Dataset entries
= = = =

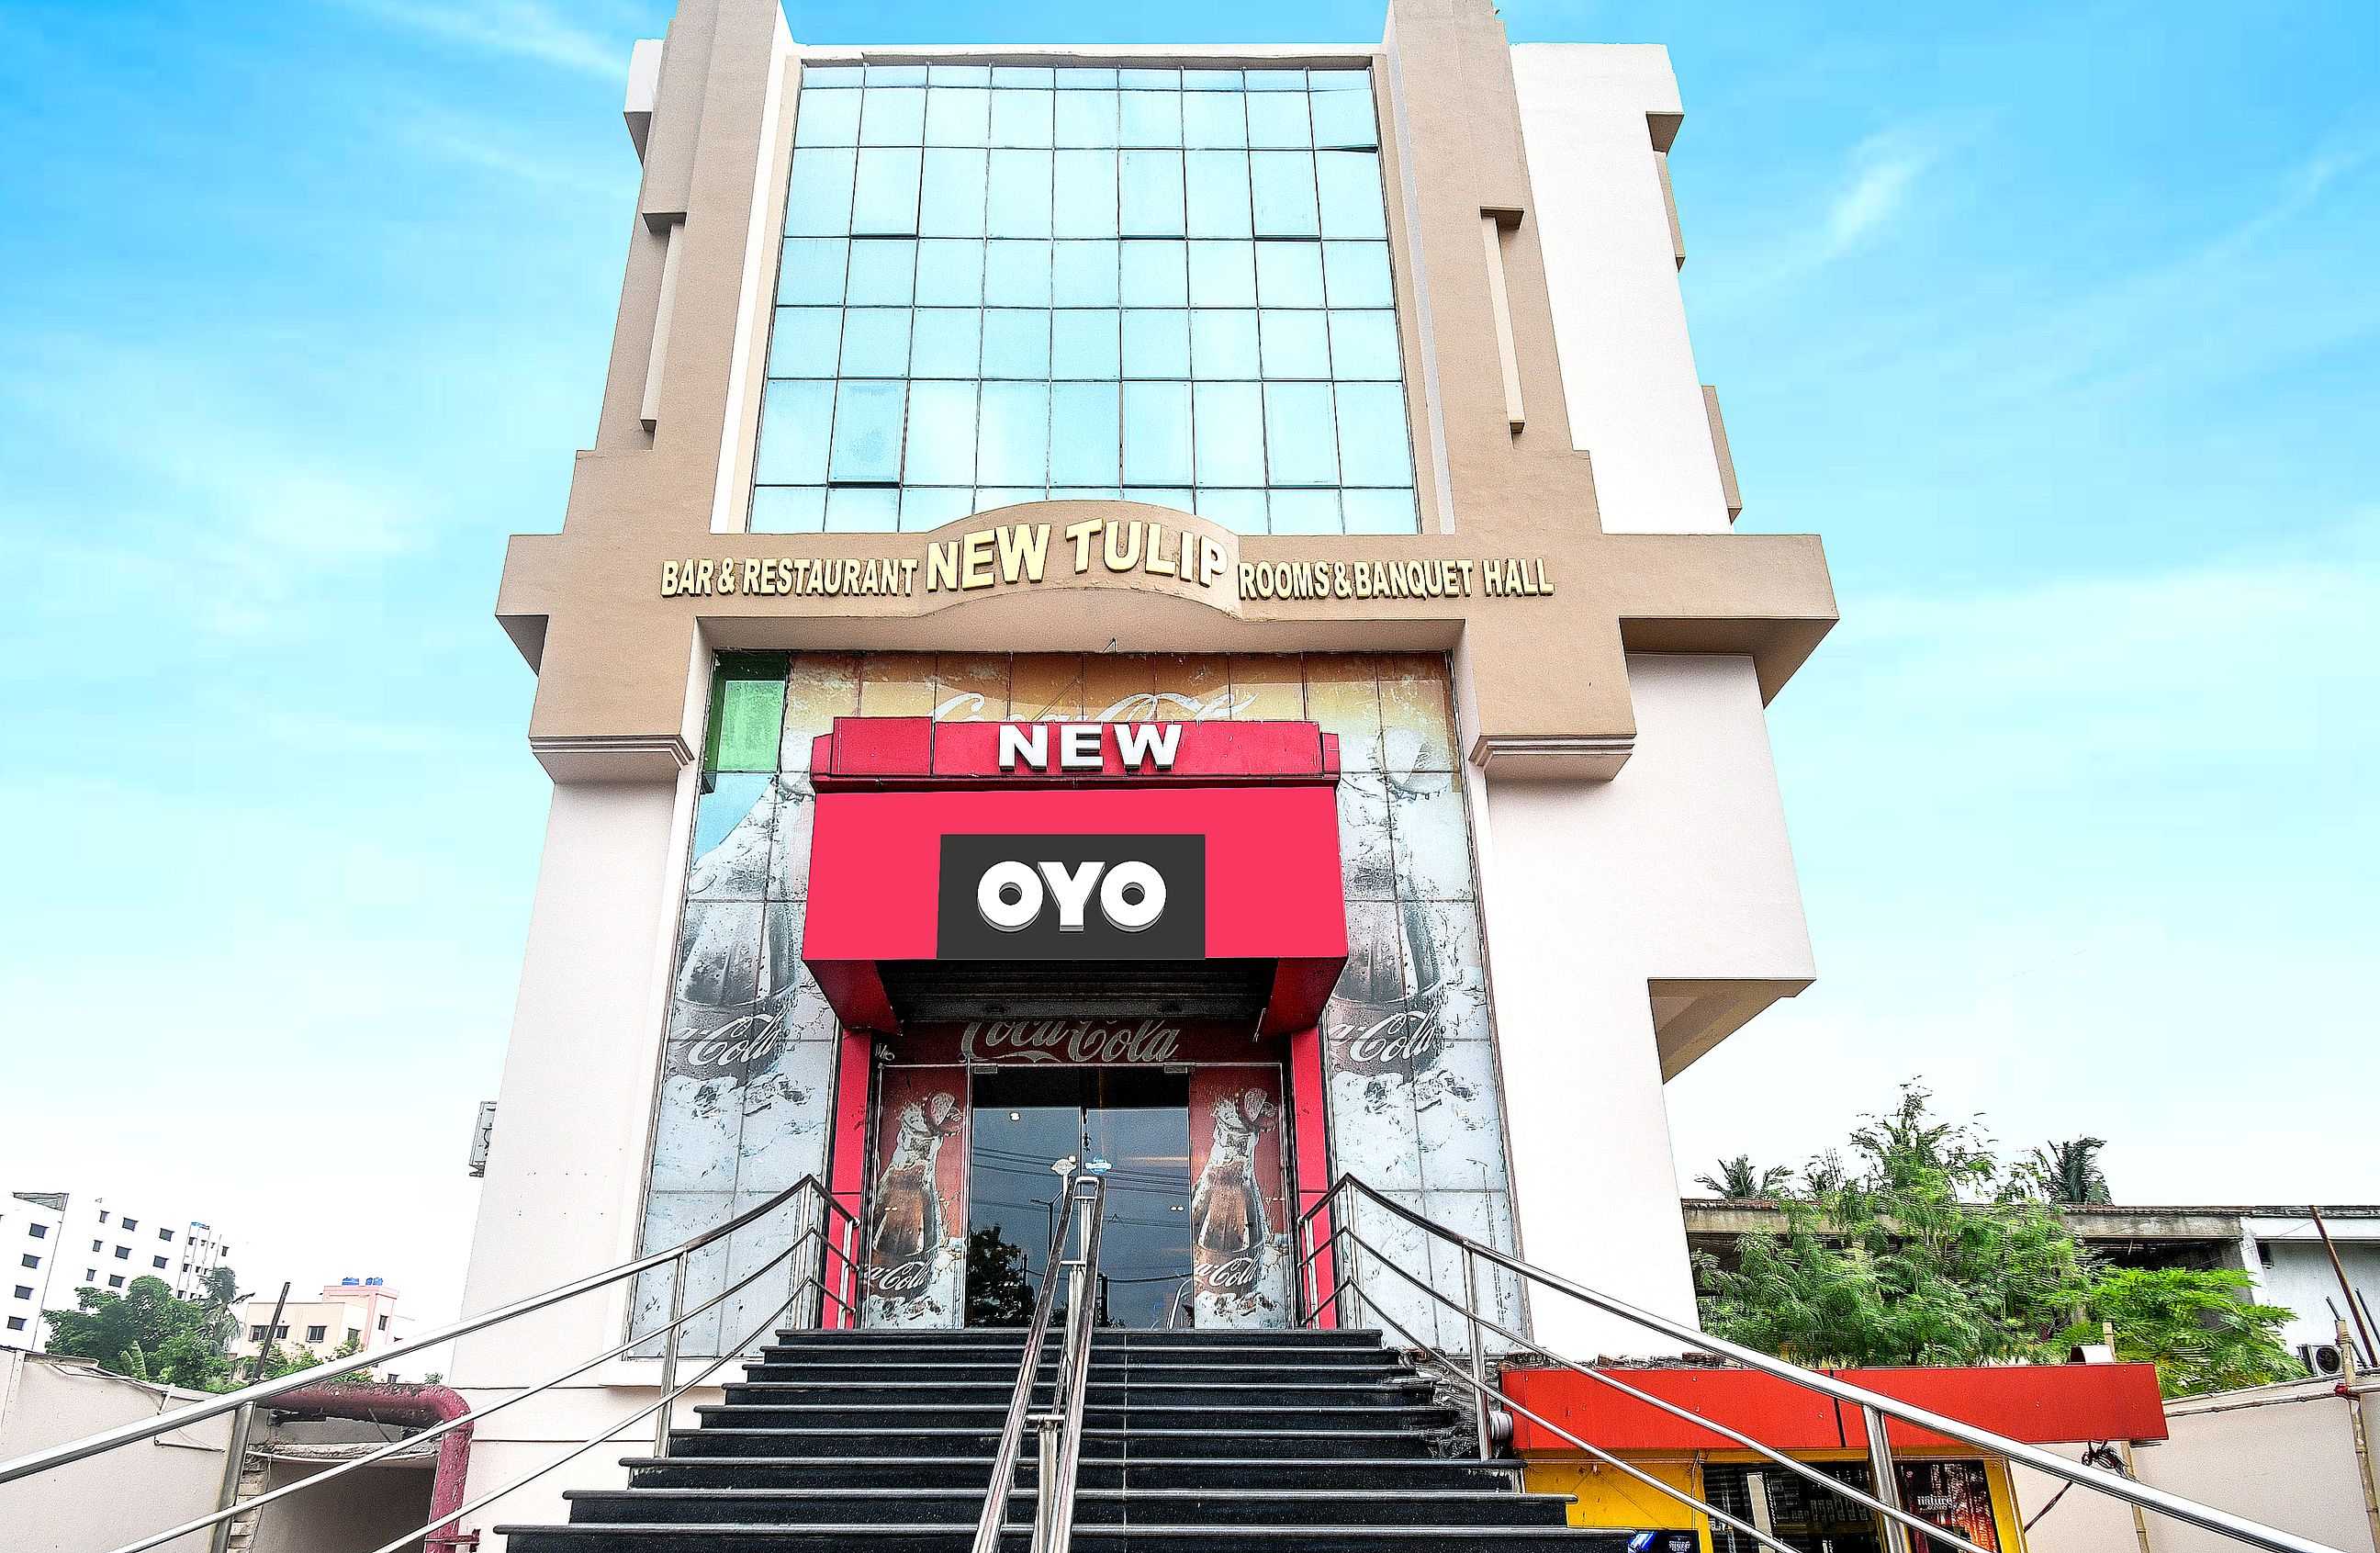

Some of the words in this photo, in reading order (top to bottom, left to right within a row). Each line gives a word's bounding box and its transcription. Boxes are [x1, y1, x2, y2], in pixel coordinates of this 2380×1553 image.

[660, 559, 714, 597] BAR
[741, 557, 918, 597] RESTAURANT
[926, 523, 1051, 592] NEW
[1065, 517, 1228, 588] TULIP
[1481, 557, 1555, 596] HALL
[997, 724, 1184, 772] NEW
[976, 860, 1168, 933] OYO

= = = =

## ACTIVITY
Your reply must reproduce all of the entries exactly and contain no pictures.

## EXPECTED ANSWER
Some of the words in this photo, in reading order (top to bottom, left to right within a row). Each line gives a word's bounding box and its transcription. Boxes are [x1, y1, x2, y2], in pixel coordinates of this 2380×1553 image.

[660, 559, 714, 597] BAR
[741, 557, 918, 597] RESTAURANT
[926, 523, 1051, 592] NEW
[1065, 517, 1228, 588] TULIP
[1481, 557, 1555, 596] HALL
[997, 724, 1184, 772] NEW
[976, 860, 1168, 933] OYO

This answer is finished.